The Walton family’s wounds are still healing. But Walton is trying to look at what has come to pass with perspective and gratitude. Seeing Gorti in Chicago has definitely given her hope for the future. “It will forever stay with me as a memory I will always have and show." She admits her son may one day ask questions about why he is not like other kids, or doubting his own abilities. "And I’ll say to him, ‘There was a man named Jeff Gorti that’s just like you, and you met him. And I want this to inspire you to feel like you can do anything you put your mind to,’” she says. Walton knows that her son is going to be okay, because Gorti has shown her that he will be.

Most of all, she knows that Joey has someone to talk to if he is ever feeling alone. “It’s a very rare cancer that they face…Joey is the first child who Jeff’s met in 29 years. So that shows you how rare it is,” says Walton. “I’m sure Joey will probably be the only kid in school, the only kid in sports, the only kid with it—so he’s going to have to have some tough skin,” she adds. “But when it gets hard, he can always call Jeff.”

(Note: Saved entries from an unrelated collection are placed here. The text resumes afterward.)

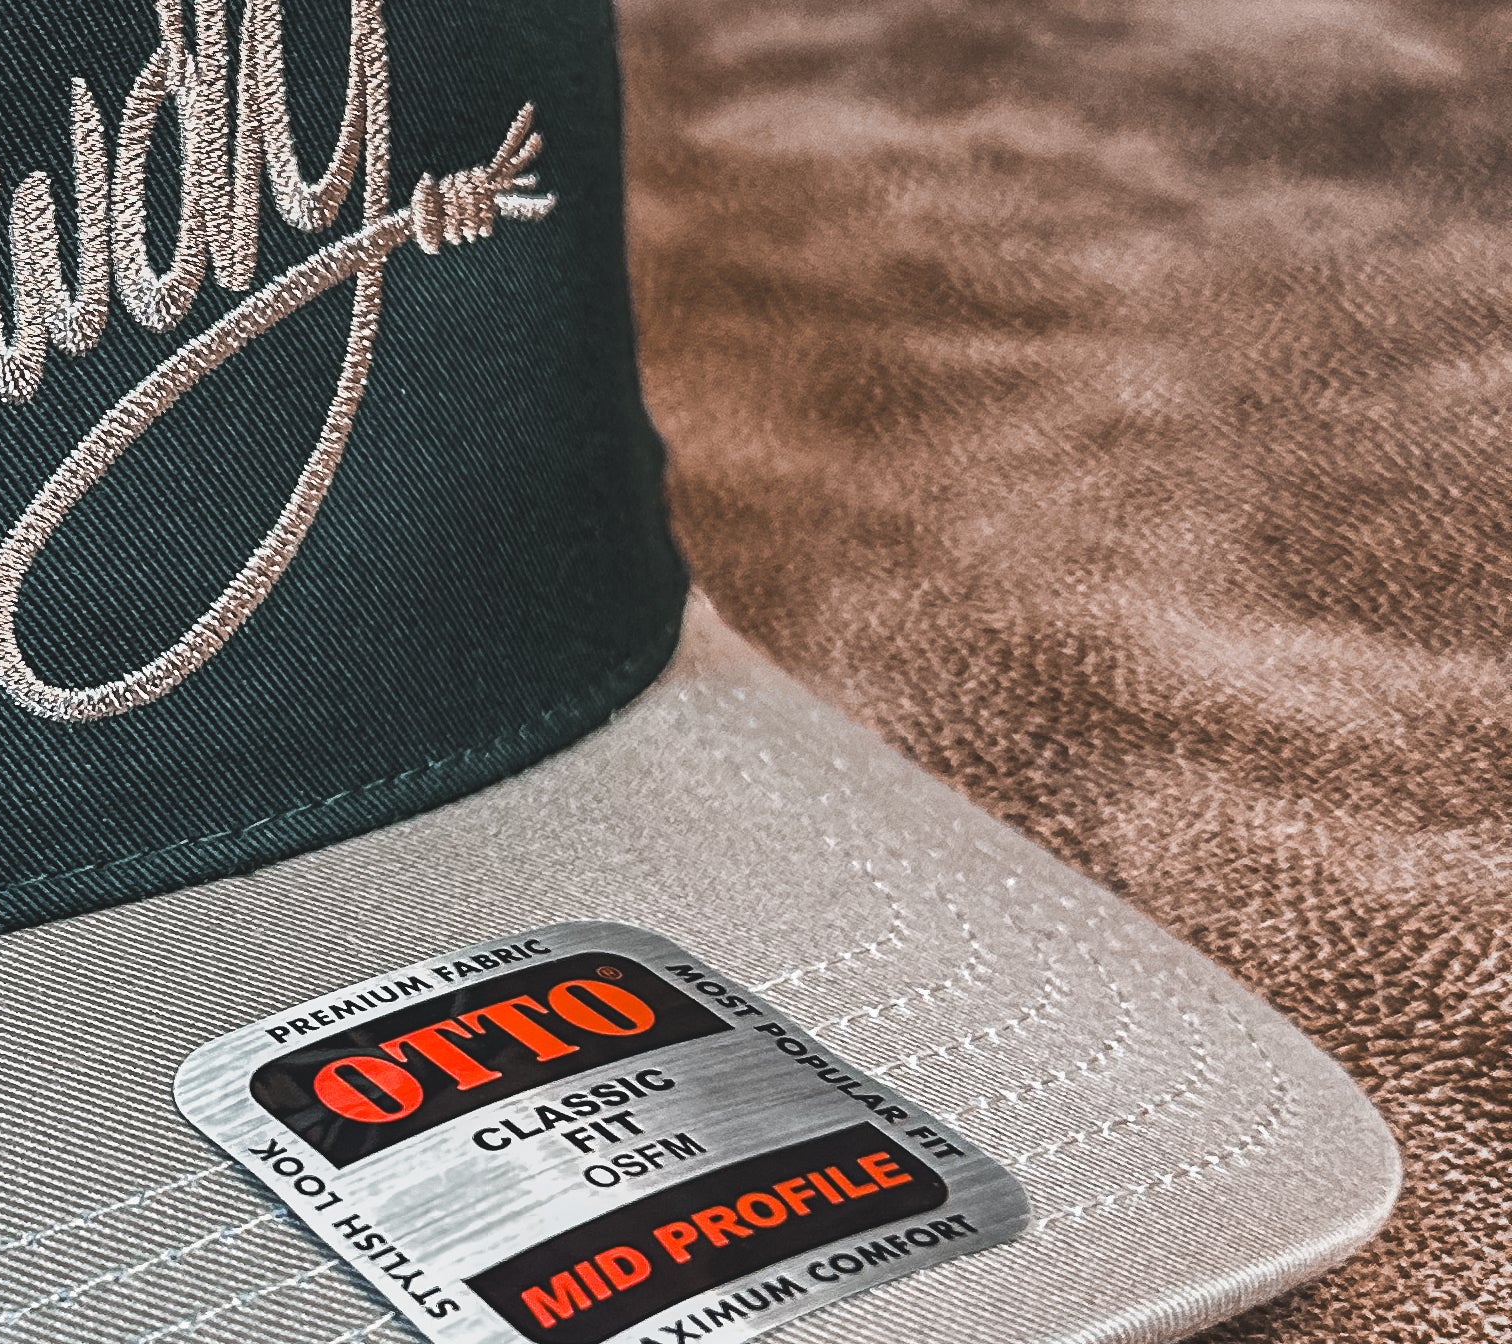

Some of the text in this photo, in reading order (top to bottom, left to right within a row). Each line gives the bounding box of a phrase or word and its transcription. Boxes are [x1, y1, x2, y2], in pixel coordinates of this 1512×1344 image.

[266, 938, 552, 1045] PREMIUM FABRIC
[471, 1068, 676, 1153] CLASSIC
[666, 963, 965, 1162] MOST POPULAR FIT
[561, 1112, 646, 1155] FIT
[583, 1132, 708, 1189] OSFM
[249, 1137, 460, 1320] STYLISH LOOK
[520, 1152, 913, 1330] MID PROFILE
[808, 1214, 979, 1287] COMFORT
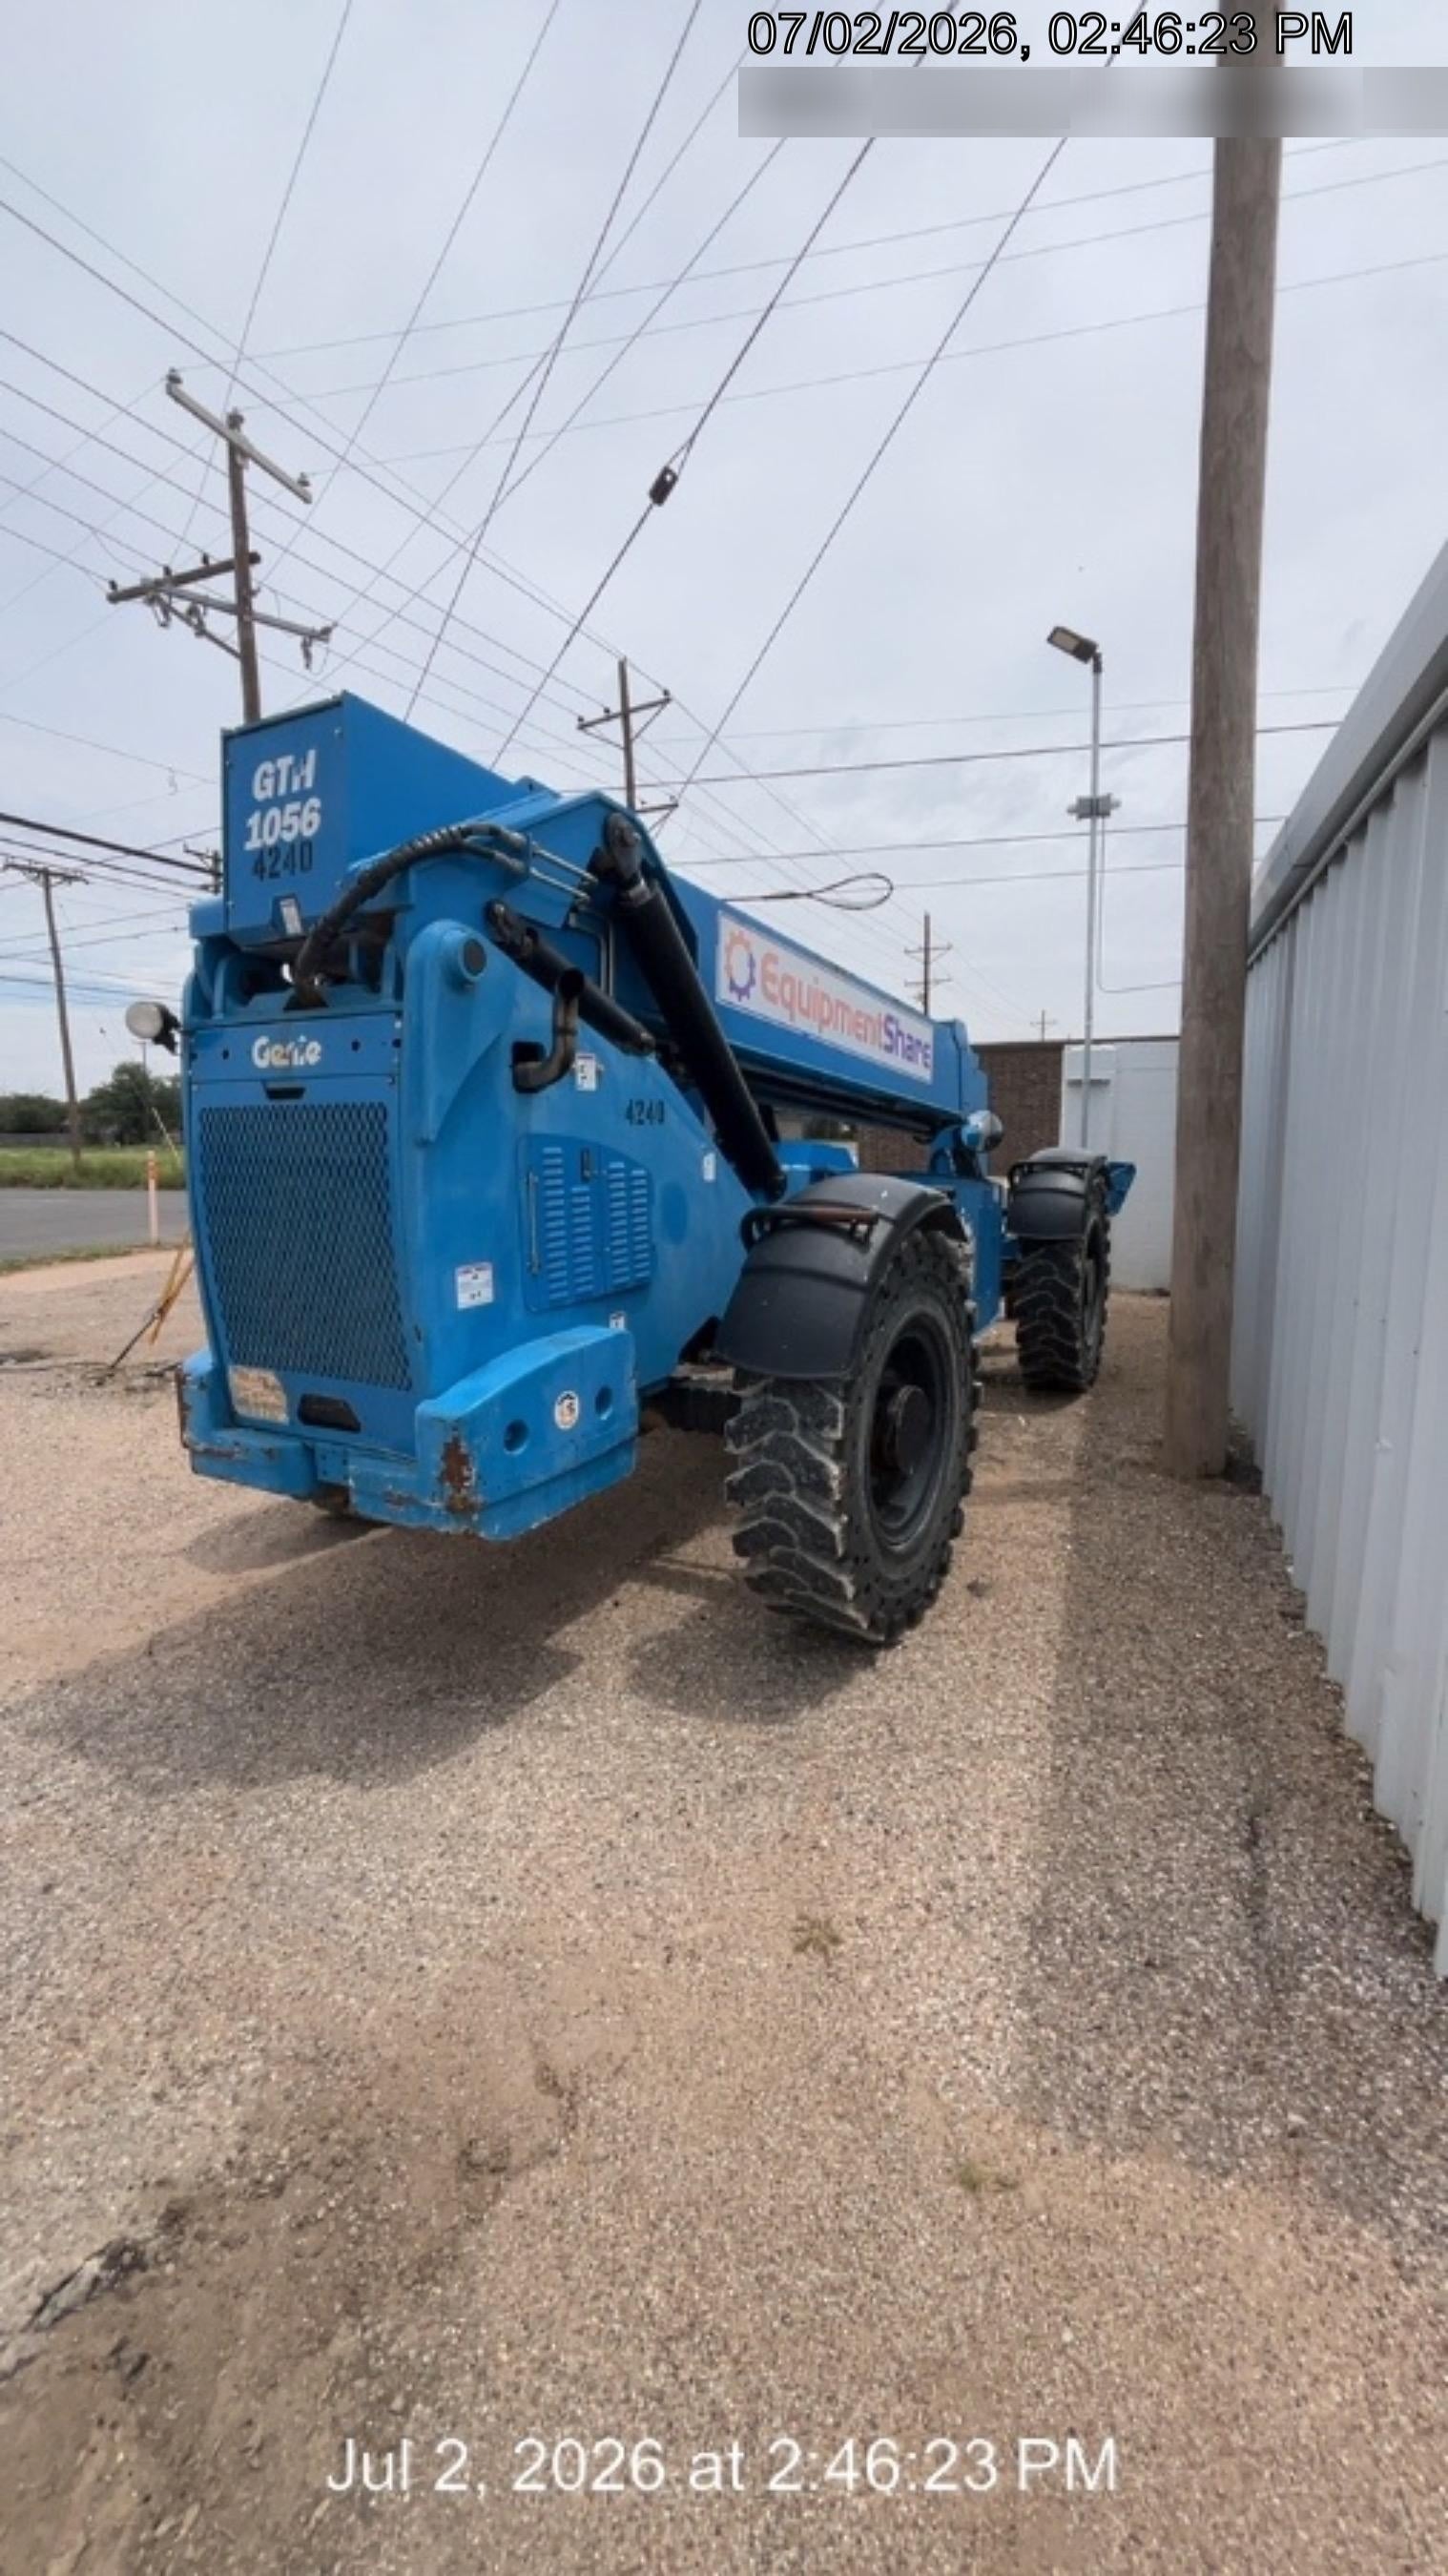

The Walton family gave Gorti a gift, as well. “I think this was one of my proudest moments…to do the thing I love—on Broadway— in front of a kid that went through something identical to what I went through,” he says. “I second guessed myself a lot growing up because I’m different…and I know [Joey’s] not 100 percent aware of it right now. But he will be, and I want him to know that anything can be possible.”

Gorti believes there is no limit to one's determination. He encourages anyone who has come out the other side of cancer to follow their dreams and believe that they are strong enough to face anything. “For people who have beaten cancer, you really can beat anything,” he says. “You’ve beaten your body. Now, mentally, you can beat anything life has to offer.”